*SOURCE DATA*
▼▼▼

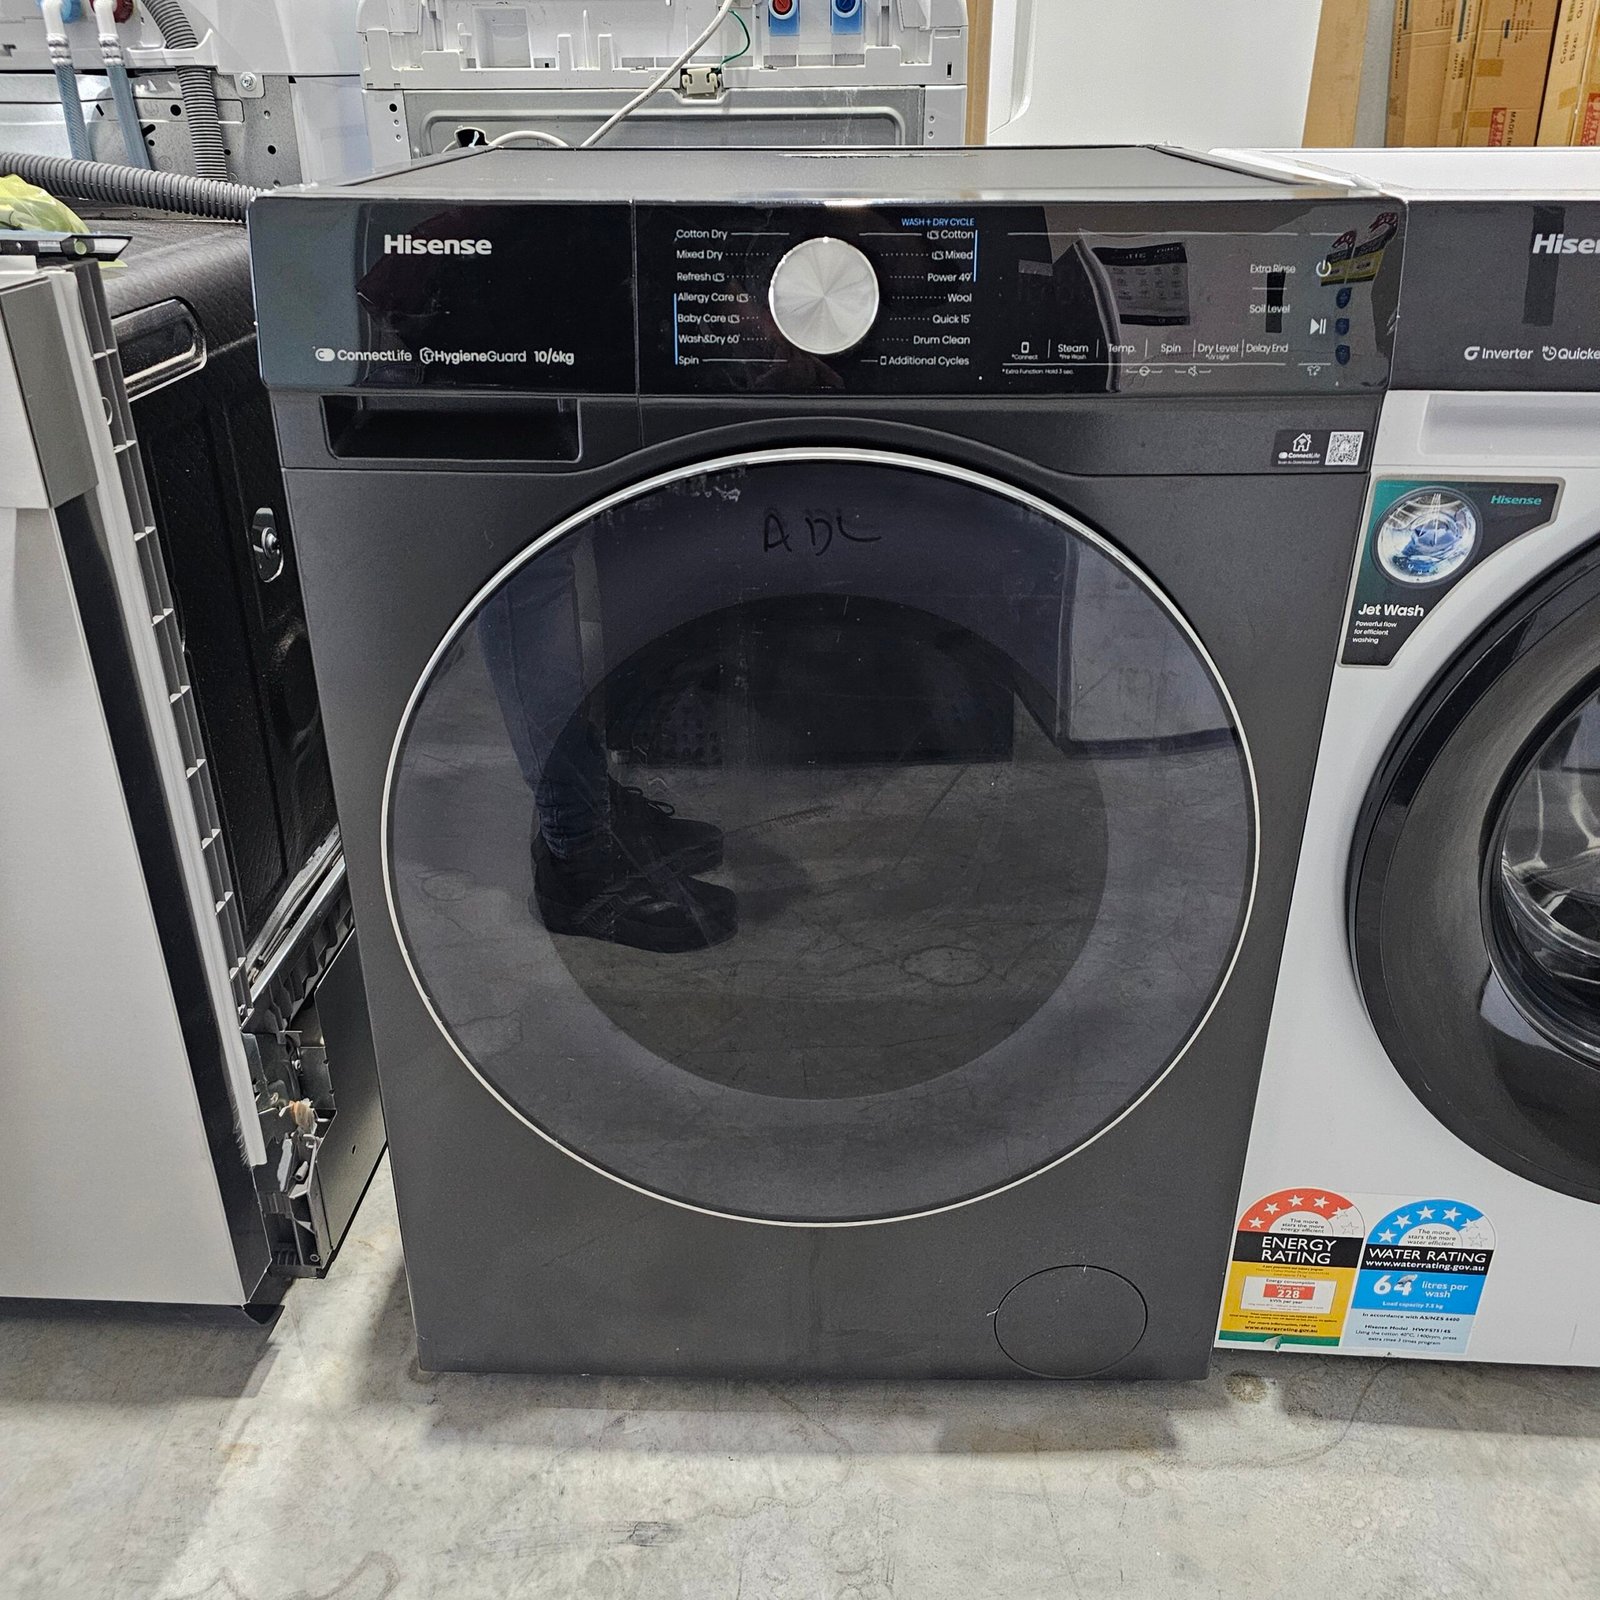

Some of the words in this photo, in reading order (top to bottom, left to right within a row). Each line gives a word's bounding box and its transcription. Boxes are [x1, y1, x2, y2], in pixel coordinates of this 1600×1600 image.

[901, 218, 925, 226] WASH
[932, 218, 949, 226] DRY
[949, 218, 975, 226] CYCLE
[676, 229, 709, 239] Cotton
[711, 229, 728, 240] Dry
[940, 230, 974, 239] Cotton
[384, 234, 493, 255] Hisense
[676, 250, 704, 259] Mixed
[706, 250, 723, 261] Dry
[945, 250, 974, 260] Mixed
[1250, 264, 1272, 274] Extra
[1272, 263, 1296, 274] Rinse
[676, 272, 711, 281] Refresh
[927, 272, 957, 282] Power
[677, 293, 710, 304] Allergy
[711, 293, 734, 301] Care
[947, 293, 972, 303] Wool
[1249, 304, 1266, 313] Soil
[1267, 304, 1290, 313] Level
[677, 314, 701, 324] Baby
[703, 314, 726, 323] Care
[932, 314, 959, 324] Quick
[678, 334, 725, 345] Wash&Dry
[913, 335, 940, 345] Drum
[941, 335, 970, 345] Clean
[1057, 343, 1089, 353] Steam
[1108, 343, 1136, 355] Temp.
[1160, 343, 1182, 355] Spin
[1197, 343, 1214, 354] Dry
[1215, 343, 1239, 353] Level
[1246, 343, 1270, 355] Delay
[1271, 343, 1289, 353] End
[1482, 348, 1533, 359] Inverter
[337, 350, 412, 362] ConnectLife
[435, 350, 527, 365] HygieneGuard
[533, 348, 575, 365] 10/6kg
[678, 356, 699, 366] Spin
[888, 356, 936, 365] Additional
[938, 356, 969, 367] Cycles
[1490, 495, 1542, 506] Hisense
[1358, 603, 1381, 616] Jet
[1384, 604, 1425, 617] Wash
[1355, 620, 1383, 628] Powerful
[1352, 637, 1379, 645] washing
[1261, 1236, 1337, 1252] ENERGY
[1261, 1249, 1331, 1264] RATING
[1369, 1248, 1420, 1260] WATER
[1427, 1250, 1487, 1263] RATING
[1365, 1260, 1485, 1272] www.waterrating.gov.au
[1422, 1281, 1448, 1290] litres
[1450, 1284, 1468, 1292] per
[1277, 1290, 1300, 1298] 228
[1425, 1290, 1451, 1298] wash

▲▲▲

*WORK TASK*
Please repeat the listing above word for word, with the pictures removed.

*SOLUTION TO THE EXERCISE*
Some of the words in this photo, in reading order (top to bottom, left to right within a row). Each line gives a word's bounding box and its transcription. Boxes are [x1, y1, x2, y2], in pixel coordinates of this 1600×1600 image.

[901, 218, 925, 226] WASH
[932, 218, 949, 226] DRY
[949, 218, 975, 226] CYCLE
[676, 229, 709, 239] Cotton
[711, 229, 728, 240] Dry
[940, 230, 974, 239] Cotton
[384, 234, 493, 255] Hisense
[676, 250, 704, 259] Mixed
[706, 250, 723, 261] Dry
[945, 250, 974, 260] Mixed
[1250, 264, 1272, 274] Extra
[1272, 263, 1296, 274] Rinse
[676, 272, 711, 281] Refresh
[927, 272, 957, 282] Power
[677, 293, 710, 304] Allergy
[711, 293, 734, 301] Care
[947, 293, 972, 303] Wool
[1249, 304, 1266, 313] Soil
[1267, 304, 1290, 313] Level
[677, 314, 701, 324] Baby
[703, 314, 726, 323] Care
[932, 314, 959, 324] Quick
[678, 334, 725, 345] Wash&Dry
[913, 335, 940, 345] Drum
[941, 335, 970, 345] Clean
[1057, 343, 1089, 353] Steam
[1108, 343, 1136, 355] Temp.
[1160, 343, 1182, 355] Spin
[1197, 343, 1214, 354] Dry
[1215, 343, 1239, 353] Level
[1246, 343, 1270, 355] Delay
[1271, 343, 1289, 353] End
[1482, 348, 1533, 359] Inverter
[337, 350, 412, 362] ConnectLife
[435, 350, 527, 365] HygieneGuard
[533, 348, 575, 365] 10/6kg
[678, 356, 699, 366] Spin
[888, 356, 936, 365] Additional
[938, 356, 969, 367] Cycles
[1490, 495, 1542, 506] Hisense
[1358, 603, 1381, 616] Jet
[1384, 604, 1425, 617] Wash
[1355, 620, 1383, 628] Powerful
[1352, 637, 1379, 645] washing
[1261, 1236, 1337, 1252] ENERGY
[1261, 1249, 1331, 1264] RATING
[1369, 1248, 1420, 1260] WATER
[1427, 1250, 1487, 1263] RATING
[1365, 1260, 1485, 1272] www.waterrating.gov.au
[1422, 1281, 1448, 1290] litres
[1450, 1284, 1468, 1292] per
[1277, 1290, 1300, 1298] 228
[1425, 1290, 1451, 1298] wash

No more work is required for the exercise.